Wed, 07/07/2010 - 10:53 | 456579 Panafrican Funk...
Panafrican Funktron Robot's picture

I think this is actually a weakness in the data presentation.  Including the US, Canada, Japan, and Russia to give some comps would make the presentation more balanced and comprehensive.  He may actually do this in his retail version, but if not, that might be a potential blind spot. 

Wed, 07/07/2010 - 10:49 | 456571 Reggie Middleton
Reggie Middleton's picture

Global banks are much too interconnected, thus there is really no such thing as just a "European problem". Add in some leverage, opaque accounting and reporting, and a few regulators so far behind the curve as to appear they are on a different race track, and you suddenly have a global problem. If the Asian flu was contagious, the Pan-European flu will be an epidemic.

Wed, 07/07/2010 - 09:18 | 456341 Chartist
Chartist's picture

I sure hope so Reggie....I suspect we're sacrificing our middle class in the US, by shipping manufacturing jobs to China and Mexico, so that their middle class develops into a critical mass creating self-sustaining demand.

Wed, 07/07/2010 - 10:08 | 456455 the grateful un...
the grateful unemployed's picture

and once the workers in those countries become consumers of their own goods, that's means fewer goods being exported, (assuming supply is somewhat limited, as this part of the global economy has been at full capacity)  A slowdown in low cost imported goods will further strain American consumers, and American workers, who have migrated from manufacturing to retail jobs. High end goods, where there is still some profit margin, should continue, bringing the spread between high end consumer goods and low end goods closer together, creating a second wave, or backlash against emerging market low end manufacturing.

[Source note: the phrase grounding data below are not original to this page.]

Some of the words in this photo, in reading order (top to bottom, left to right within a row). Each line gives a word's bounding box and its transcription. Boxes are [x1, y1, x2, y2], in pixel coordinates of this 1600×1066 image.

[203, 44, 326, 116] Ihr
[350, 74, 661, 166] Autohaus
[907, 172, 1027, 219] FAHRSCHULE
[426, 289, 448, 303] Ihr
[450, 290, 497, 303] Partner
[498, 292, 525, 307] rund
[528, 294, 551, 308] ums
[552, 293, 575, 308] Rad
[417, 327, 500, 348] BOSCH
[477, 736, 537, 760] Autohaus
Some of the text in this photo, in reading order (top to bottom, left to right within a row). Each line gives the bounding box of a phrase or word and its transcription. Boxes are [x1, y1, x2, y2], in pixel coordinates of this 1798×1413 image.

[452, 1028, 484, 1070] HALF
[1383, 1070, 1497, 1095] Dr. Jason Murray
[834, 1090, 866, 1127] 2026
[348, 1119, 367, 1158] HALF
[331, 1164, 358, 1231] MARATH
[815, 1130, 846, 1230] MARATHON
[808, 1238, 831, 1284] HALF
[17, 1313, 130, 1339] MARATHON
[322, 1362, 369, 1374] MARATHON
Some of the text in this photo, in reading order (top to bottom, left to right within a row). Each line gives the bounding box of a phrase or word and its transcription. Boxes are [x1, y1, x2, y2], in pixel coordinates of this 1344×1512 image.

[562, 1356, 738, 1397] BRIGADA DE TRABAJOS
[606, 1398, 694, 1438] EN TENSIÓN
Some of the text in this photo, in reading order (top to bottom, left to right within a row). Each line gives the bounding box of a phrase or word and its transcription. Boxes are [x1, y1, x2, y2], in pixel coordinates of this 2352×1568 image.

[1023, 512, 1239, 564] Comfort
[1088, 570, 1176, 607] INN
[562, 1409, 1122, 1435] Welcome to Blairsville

We already see this, at least anecdotally, at the supermarket, where the price between brand names and generics is very tight.

perhaps you are old enough to recall the generic craze during the recession and gas shortage in the 1970's. In some ways this might be the flip side of the inflationary economy. Are we exporting our class income disparity problems to the rest of the world? Once a communist culture, like China comes to grips with the American caste system, a new cultural revolution will arise.